People, honestly, do not always want to be forced into a role... they want to be able to play based on how they feel and what they just want to do. If someone is angry, they want to backstab. If someone is happy they want to joke around and get into their roles. If someone is feeling dramatic and melancholy they want to create stories within the game. Perhaps someone is feeling devious and mysterious, they want to be able to do devious and mysterious things.

The problem with RPGs is that you really don't have that option. Most games in general, don't have those options.

Before I move on, I want to touch on the subject of RPs. Now RPs, or games in which you and your buddies create a world that you act out certain events, are reasonably popular. However, there is one thing that I want to point out. It is that at any moment any player could completely destroy your story built "power" with a whole bunch of invincible units.
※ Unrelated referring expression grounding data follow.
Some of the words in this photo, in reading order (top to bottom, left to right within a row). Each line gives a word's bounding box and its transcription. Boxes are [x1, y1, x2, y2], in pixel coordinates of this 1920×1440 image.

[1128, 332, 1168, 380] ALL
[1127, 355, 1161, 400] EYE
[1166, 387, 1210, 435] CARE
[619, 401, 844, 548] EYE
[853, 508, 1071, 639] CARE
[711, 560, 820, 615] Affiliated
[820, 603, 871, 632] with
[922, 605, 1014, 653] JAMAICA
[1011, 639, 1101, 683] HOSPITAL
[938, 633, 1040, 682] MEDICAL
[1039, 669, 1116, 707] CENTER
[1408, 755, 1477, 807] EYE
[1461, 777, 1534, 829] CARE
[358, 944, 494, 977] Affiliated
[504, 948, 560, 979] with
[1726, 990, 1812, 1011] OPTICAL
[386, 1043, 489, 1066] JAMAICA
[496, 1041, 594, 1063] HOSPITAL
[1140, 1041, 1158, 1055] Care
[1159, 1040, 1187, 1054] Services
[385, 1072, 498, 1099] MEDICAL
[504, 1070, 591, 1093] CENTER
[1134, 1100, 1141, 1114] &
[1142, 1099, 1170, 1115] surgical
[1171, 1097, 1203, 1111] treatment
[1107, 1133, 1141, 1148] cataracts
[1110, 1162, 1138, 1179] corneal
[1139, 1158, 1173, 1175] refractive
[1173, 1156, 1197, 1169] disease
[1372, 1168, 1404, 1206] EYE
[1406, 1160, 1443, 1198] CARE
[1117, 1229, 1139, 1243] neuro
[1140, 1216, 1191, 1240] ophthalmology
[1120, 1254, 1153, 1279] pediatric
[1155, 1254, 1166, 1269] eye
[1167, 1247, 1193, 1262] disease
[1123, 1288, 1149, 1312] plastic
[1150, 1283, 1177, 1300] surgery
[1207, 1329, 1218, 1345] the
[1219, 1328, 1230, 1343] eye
For example, if in an RP, someone made their town plotting an invasion... the moment that plot is revealed the other player might say "Yes we knew that so we made prepared a trap" then that player goes on to create 100 invincible units to attack and destroy your assault and perhaps counterattack you. Your power over the world is imaginary in an RP because, even though you can "kind-of" do anything, any other player can easily counter even your best thought-out actions with little or no effort.

Now I would like to come to my "point" the long elusive thing that I'm trying to get at.

The Point:

People want to Role Play not be put into a role. (see Resident Evil/Helms Deep)
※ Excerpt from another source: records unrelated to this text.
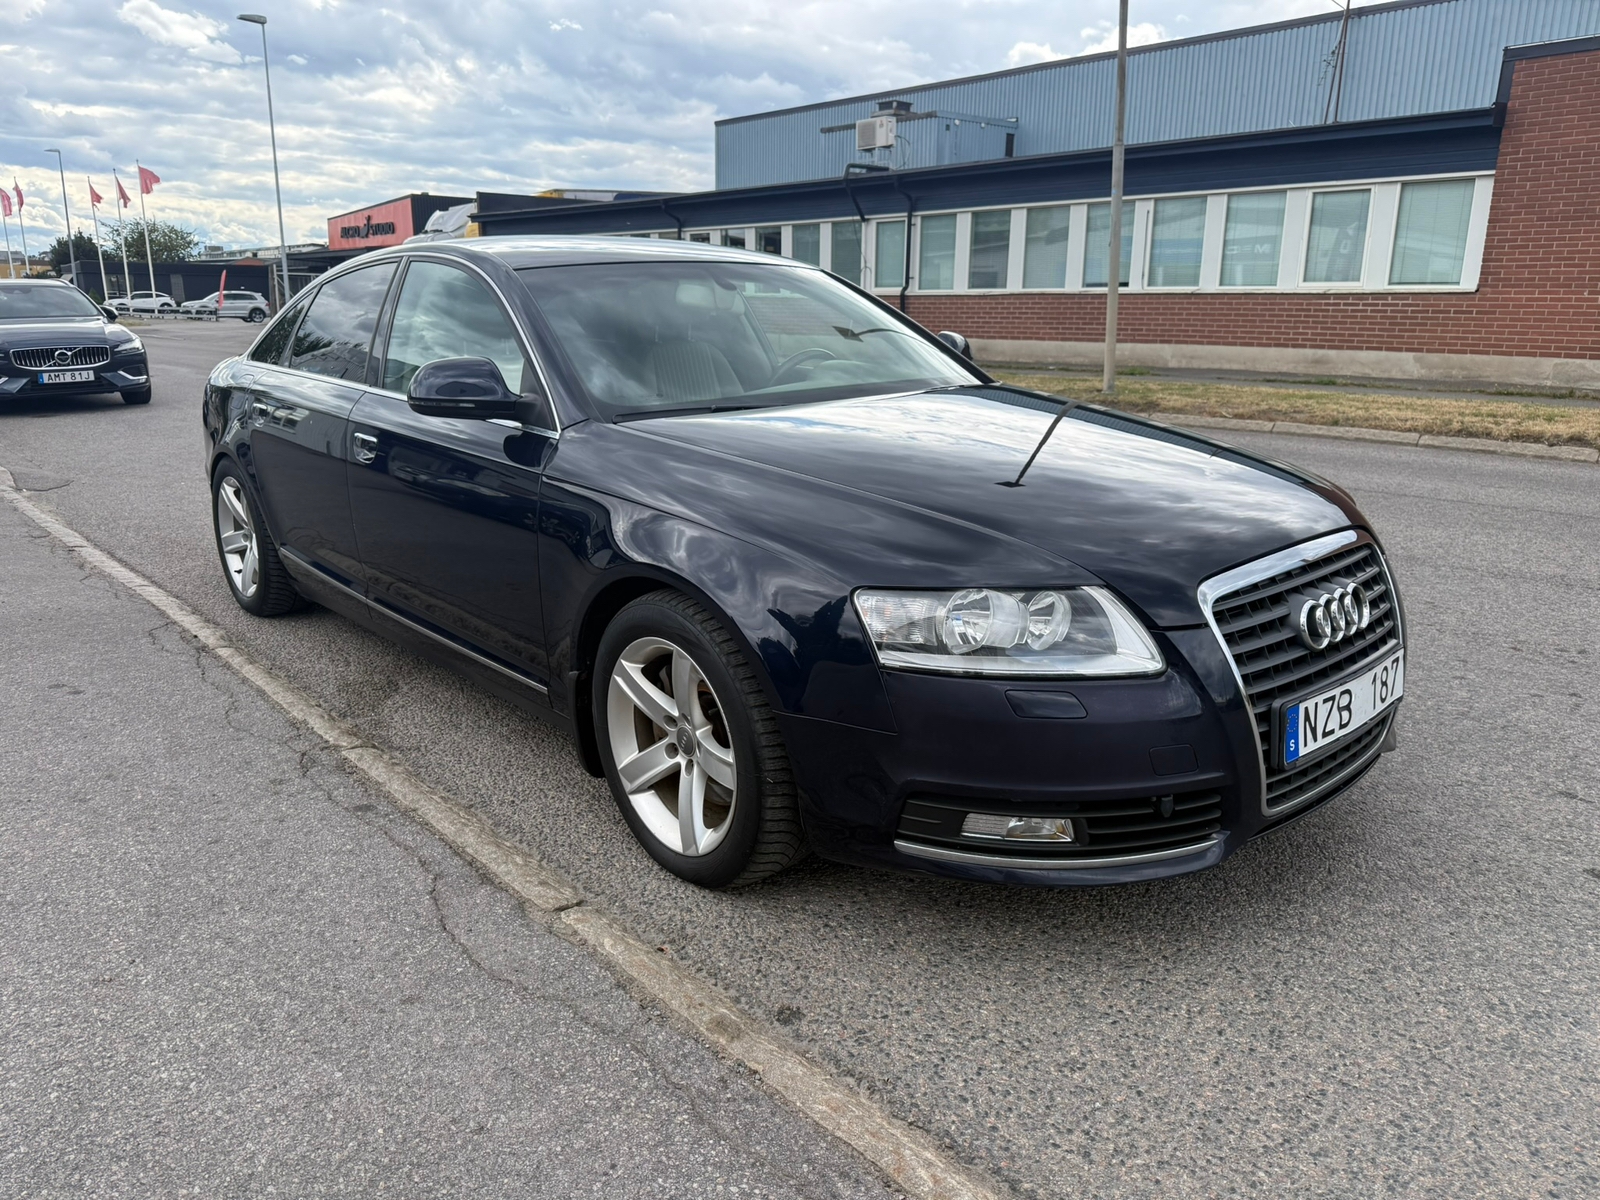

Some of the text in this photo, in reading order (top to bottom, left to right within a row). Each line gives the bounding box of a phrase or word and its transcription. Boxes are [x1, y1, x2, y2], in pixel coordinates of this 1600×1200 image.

[370, 222, 395, 236] STUDIO
[47, 371, 91, 382] AMT 81J
[1303, 655, 1400, 748] NZB 187
[1289, 739, 1295, 751] S
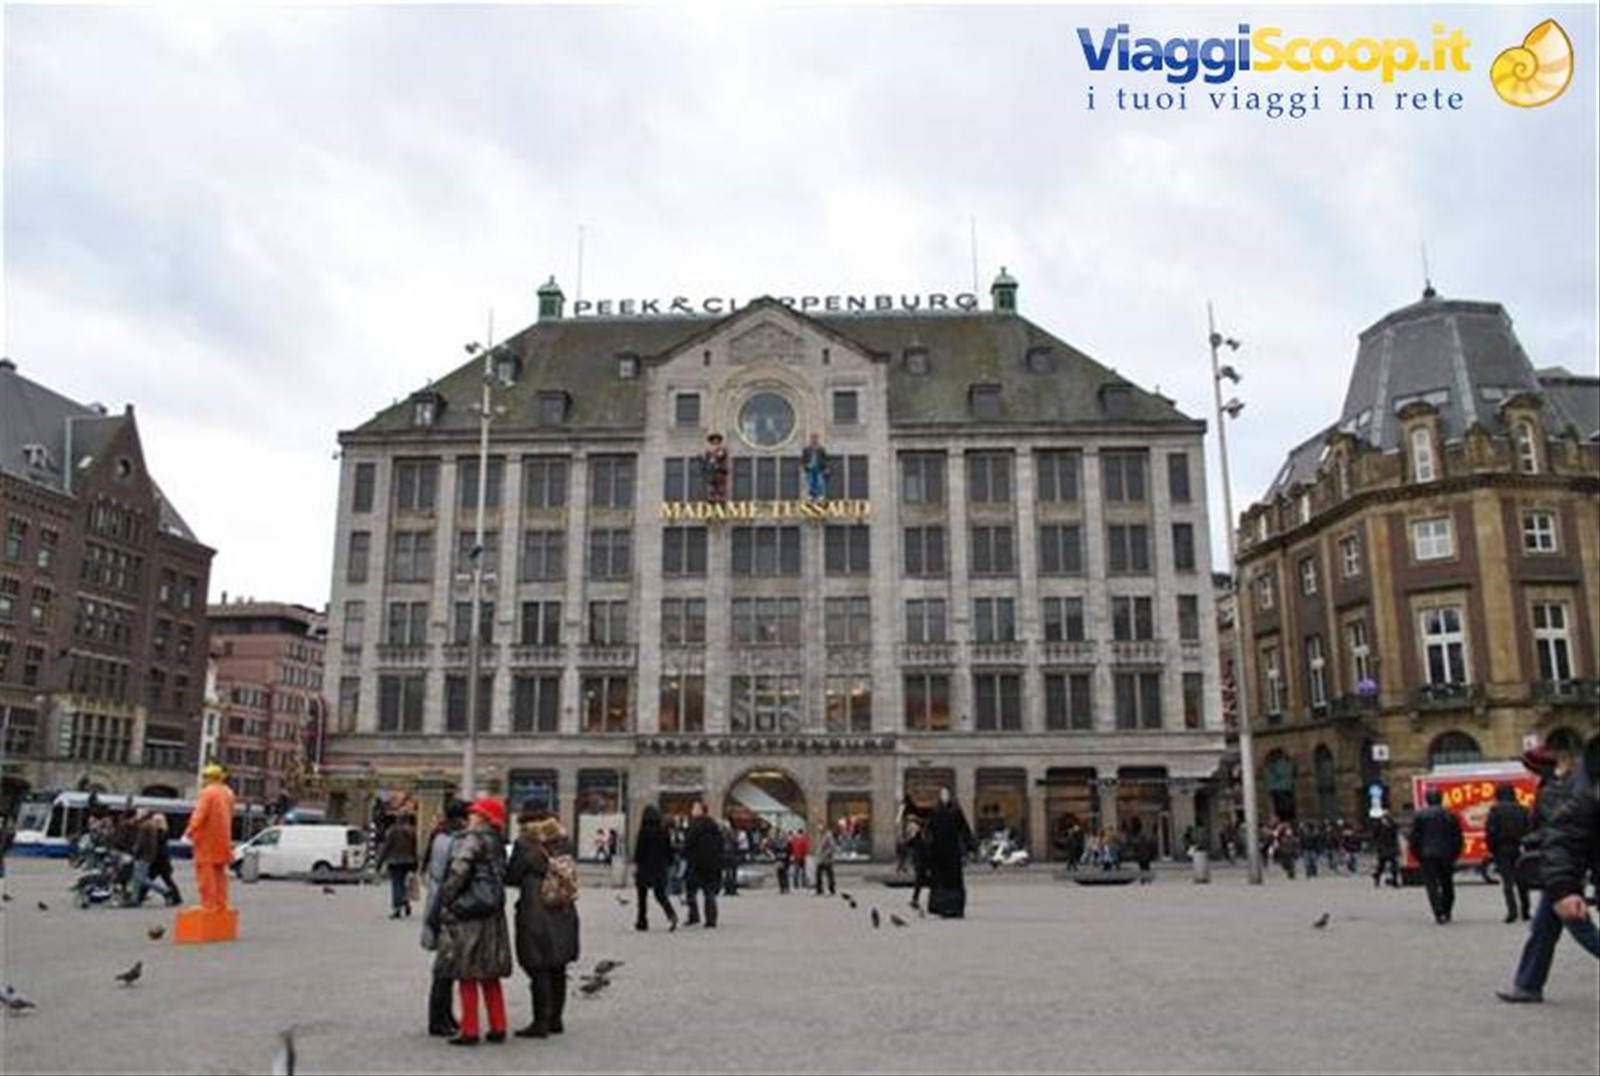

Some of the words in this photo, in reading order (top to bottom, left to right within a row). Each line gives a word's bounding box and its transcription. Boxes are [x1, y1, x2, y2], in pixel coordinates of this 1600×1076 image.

[573, 298, 661, 316] PEEK
[702, 292, 979, 314] CLPPENBURG
[658, 500, 758, 519] MADAME
[771, 498, 871, 518] TUSSAUD
People want rules. No rules = an RP (See above paragraph regarding RPs)

People want a scene and WILL "play" to adapt to that scene. (Hostage Negociation)
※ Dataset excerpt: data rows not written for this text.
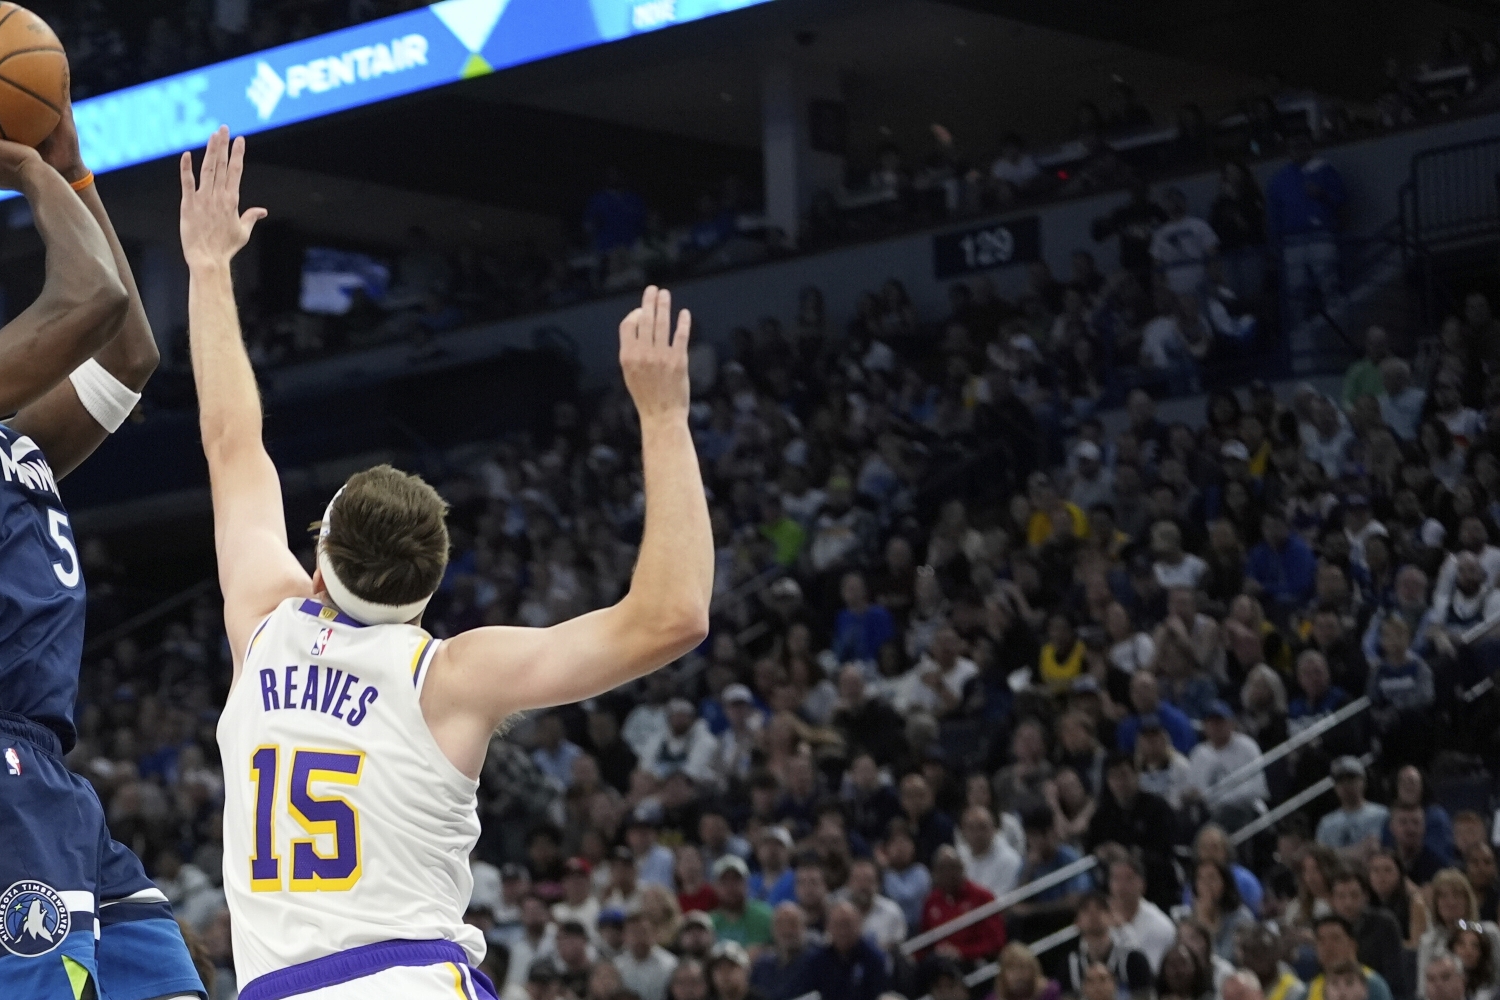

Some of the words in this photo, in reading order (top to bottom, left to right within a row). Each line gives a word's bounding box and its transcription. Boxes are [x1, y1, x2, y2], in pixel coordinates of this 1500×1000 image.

[284, 33, 429, 99] PENTAIR
[960, 226, 1014, 265] 129
[47, 508, 80, 588] 5
[259, 664, 379, 727] REAVES
[249, 743, 366, 892] 15
[21, 884, 67, 935] TIMBERWOLVES
So what is the ideal game that has some "stuff" in it and will gain popularity? Basically it is a game that gives a person a scene and allows them to freely interact with that scene. It is a game that is built around the scene. Most games nowadays are a game with a scene, but the truly successful ones start as a scene and then turn into a game.

If you want to make a game about Ships in outer space, and I am going to allude to one of my current projects, do not simply give each player a battle cruiser and say "go have fun and fight a war." No one will enjoy that.

Instead concentrate on the more human and complicated aspect of war. In my game, I created a scene. A scene of a sudden conflict stemming from simple rivalries that ripped a star system apart into two hostile camps. I thought, what if after this war there were only 6 people left fighting each controlling one very powerful star ship keeping the war alive. I then built the ships and all their functions right then and there without even knowing what the objective of the map was going to be.

This actually leads to another point, when building your map leave your player's options open and work with human impulses. I decided very early on the map to make all triggers universal. It made everything a lot more difficult for me but I did it anyways. Basically, any player could act as a crewman on either ship even if it was a different ship than the one they started on.

I then, very easily, incorporated an explosive system where a player could lay explosives, and I added an escape pod.

In about 5 triggers and a universal trigger system I turned a map about blowing up the other ship into a map of betrayal, trickery, spying, and diplomacy. Of course, the option to just stick together and blow up the other ship is always there.

Another way to make a map interesting is to change the way that you win or lose. Again, I am going to allude to my map, I could have made it so that you lose if your ship is blown up. I could have even taken that one step further and made it if your ship that you now affiliate yourself with is blown up you lose. But I didn't do that. Instead I made a system where only if your "guy" (civilian) is killed do you lose. That little change, shifts the entire gameplay to another level of survival.

Now you have the elements of:

Survivial Role Playing (Aye Aye Captain) Emotionalism (Being able to act on your emotions Betrayal, sticking together, ect.)

To form a dynamic game.

That is all I want to say. Please forgive me for my self-serving attitude towards my map, however, it is really just example that I am most familiar with, it is by no means the "best" example.